Los médicos se quedaron sin palabras. El jefe levantó las cejas.
– ¡Eso es ilegal! ¿Quieres que me metan en un lío por ti?
– ¡No importa! ¡Inventen algo, por favor! Incluso si nacemos en fechas diferentes, pongan luego su fecha de nacimiento con la mía. – Lo dije más fuerte de lo que debía, y los médicos, molestos, me echaron.
Aquella noche Almudena dio a luz. Me sentí triste pero mantuve la esperanza de que el destino del pequeño sería bueno. Pensar mucho en ello me hacía mal, así que acariciaba mi enorme barriga para calmarme.
Al día siguiente, mis contracciones empezaron. Fue un parto difícil. A las 6:55 am me convertí en madre de Teresa. Justo después, el jefe del hospital se acercó a mí:
– ¿Está segura?
No entendí enseguida, pero cuando lo hice, moví la cabeza:
– ¡No, no, no he cambiado de opinión!
Así fue como tuve gemelos – Fernando y Teresa. Fernando comía como si no hubiera un mañana y Teresa era muy perezosa, pero aumentaba de peso.
Pregunté al jefe cómo podía ayudar al hospital. Escribió una lista:
– Cuanto más, mejor. Siempre hace falta.
No le dije a mi esposo sobre los gemelos por teléfono. Le pedí que viniera. Cuando los vio, se sentó impactado, tomó agua y preguntó:
– ¿Y la ecografía? Uh, bueno, ahora eso no importa… ¿Cómo los llamaste?
– ¿Y tú qué opinas?
– Bueno, pensábamos en Teresa, pero… ¿Fernando como mi abuelo?
Claro, le dije. Lloré, él creyó que de alegría, lo que era parcialmente cierto; estaba feliz, pero también aterrada porque mentí, porque dentro de dos días mentiría a todos.

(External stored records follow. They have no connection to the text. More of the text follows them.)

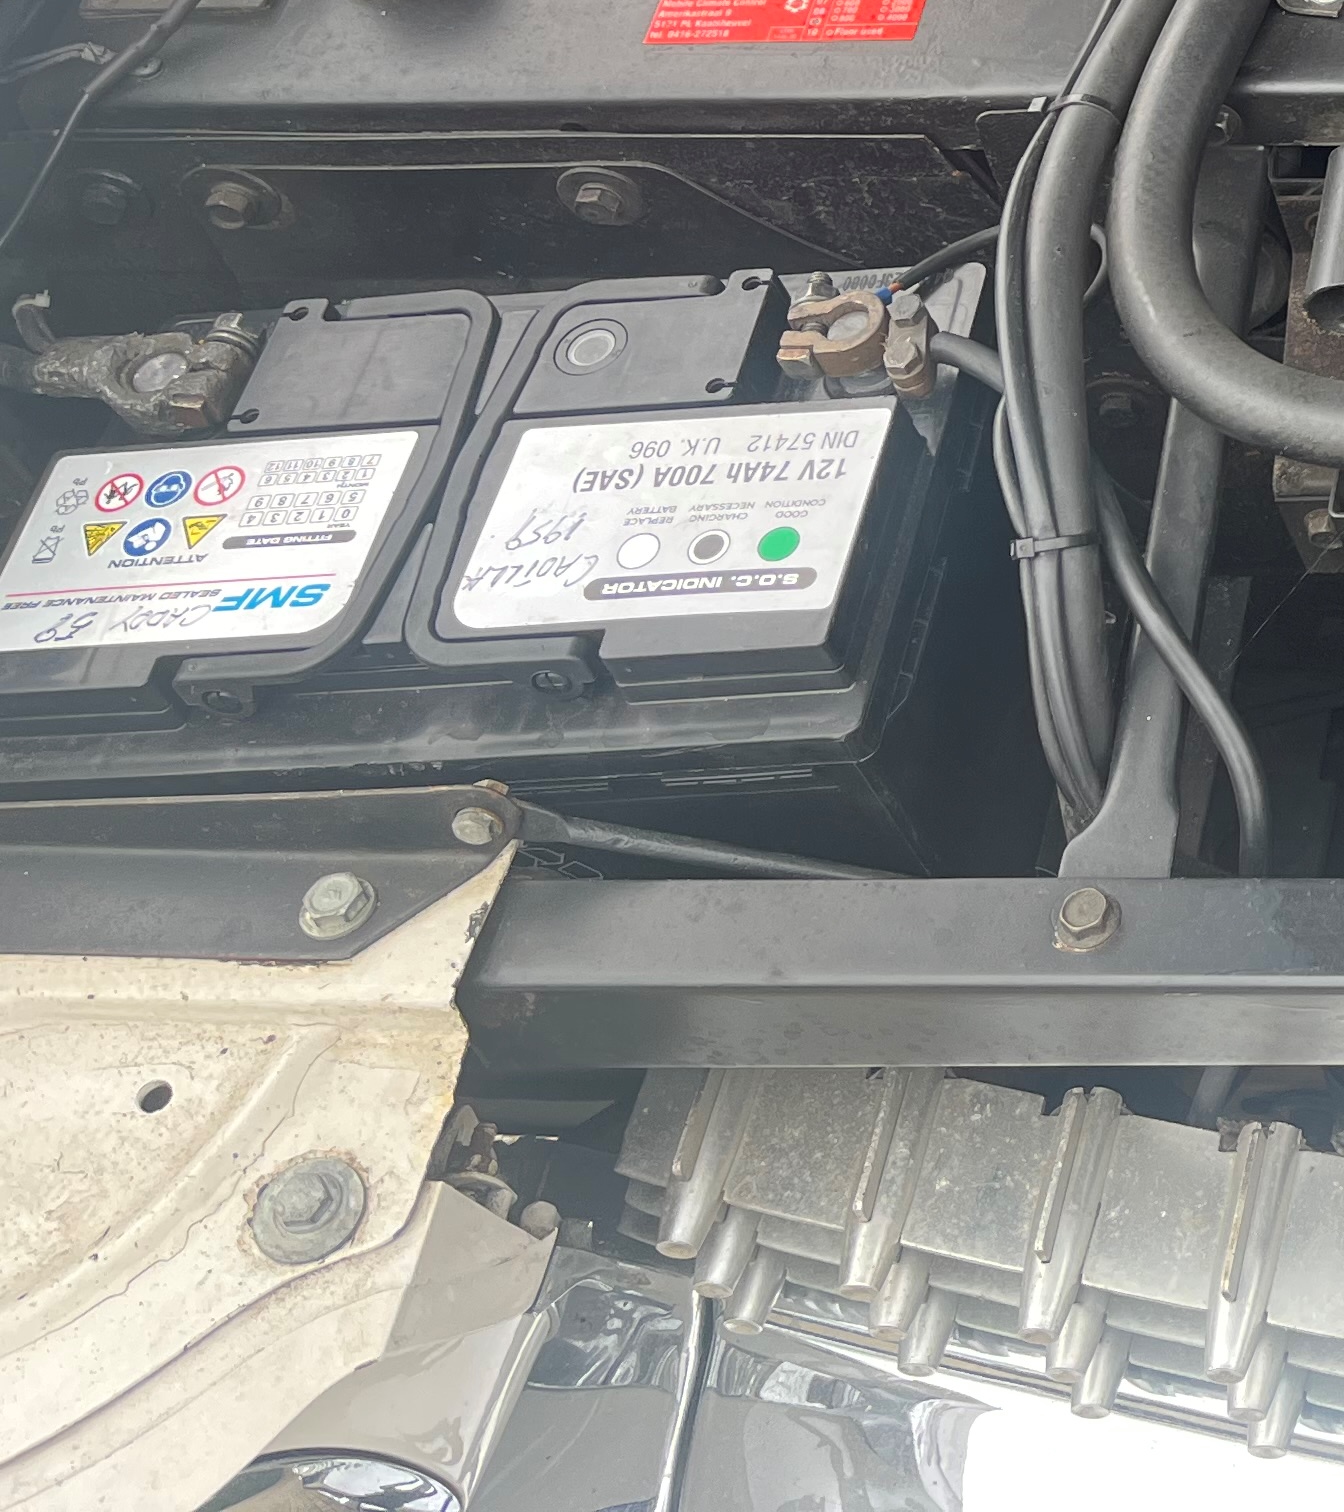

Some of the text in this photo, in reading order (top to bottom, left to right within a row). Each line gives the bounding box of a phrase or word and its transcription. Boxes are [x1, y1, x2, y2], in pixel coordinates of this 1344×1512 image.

[629, 430, 859, 459] DIN 57412 U.K. 096
[573, 458, 847, 493] 12V 74Ah 700A (SAE)
[255, 492, 358, 507] 5 6 7 8 9
[689, 501, 756, 512] NECESSARY
[764, 499, 826, 509] CONDITION
[246, 509, 350, 524] 0 1 2 3 4
[626, 506, 677, 515] BATTERY
[689, 512, 748, 522] CHARGING
[774, 510, 808, 518] GOOD
[622, 516, 674, 526] REPLACE
[505, 508, 587, 551] 1959
[246, 533, 332, 546] FITTING DATE
[108, 555, 208, 568] ATTENTION
[601, 573, 799, 594] S.O.C. INDICATOR
[1, 589, 222, 610] SEALED MAINTENANCE FREE
[212, 584, 330, 612] SMF
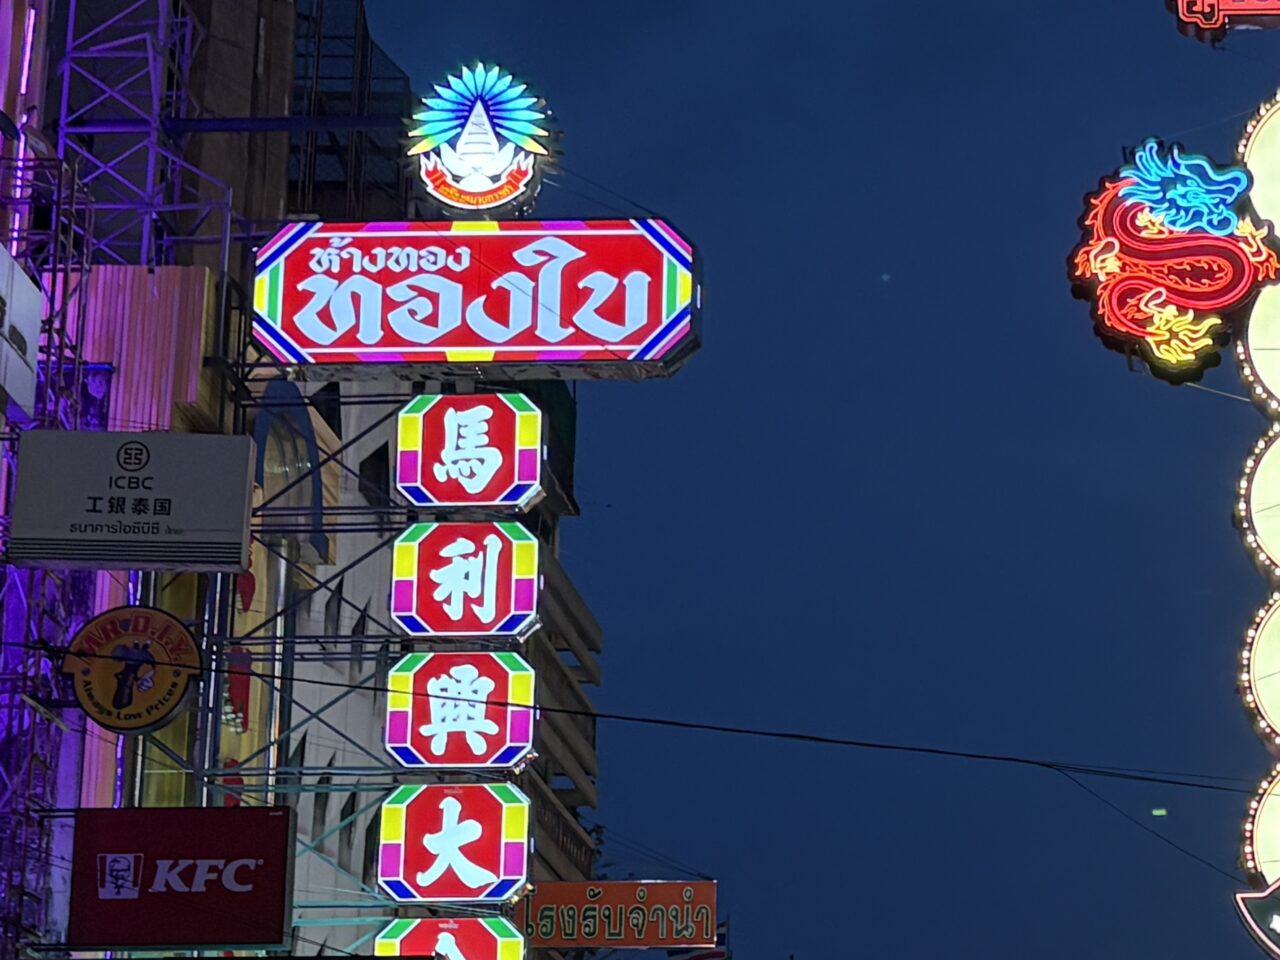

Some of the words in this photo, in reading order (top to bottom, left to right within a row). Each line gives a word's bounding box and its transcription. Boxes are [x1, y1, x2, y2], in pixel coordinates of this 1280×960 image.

No sé cómo gestionaron todo, pero desde el inicio todo estuvo en orden, desde las pulseras hasta el alta. El 21 de abril mis hijos cumplieron 15 años. Fuimos de pesca para celebrar. Regalamos a Fernando una caña de pescar y a Teresa una bicicleta de montaña. Decidí contarle a mi esposo, pero sabía que sobria no podría, tenía miedo, así que compré dos botellas de vino fuerte en el camino de regreso. A la sorpresa de mi esposo respondí “es una celebración”. Los niños se acostaron tarde y yo preparé una cena en la cocina. Con un poco de vino en el cuerpo lo solté. Iago escuchó y luego dijo:
– No te creo.
– ¡Te lo juro! – con un juramento tembloroso.
La noche siguiente me preguntó de nuevo:
– ¿Es cierto?
– Sí, – respondí, tímida, con la cabeza agachada.
Conversamos largo rato; yo lloraba. Como si me hubiera quitado un peso de encima, él me comprendió.
– ¡Vaya que eres valiente! ¡Fernando, Teresa, vengan! – llamándolos me quedé con el corazón acelerado. – ¡Su madre es una mujer fuerte y sabia! ¡Tengan cuidado con ella! – dijo sonriendo.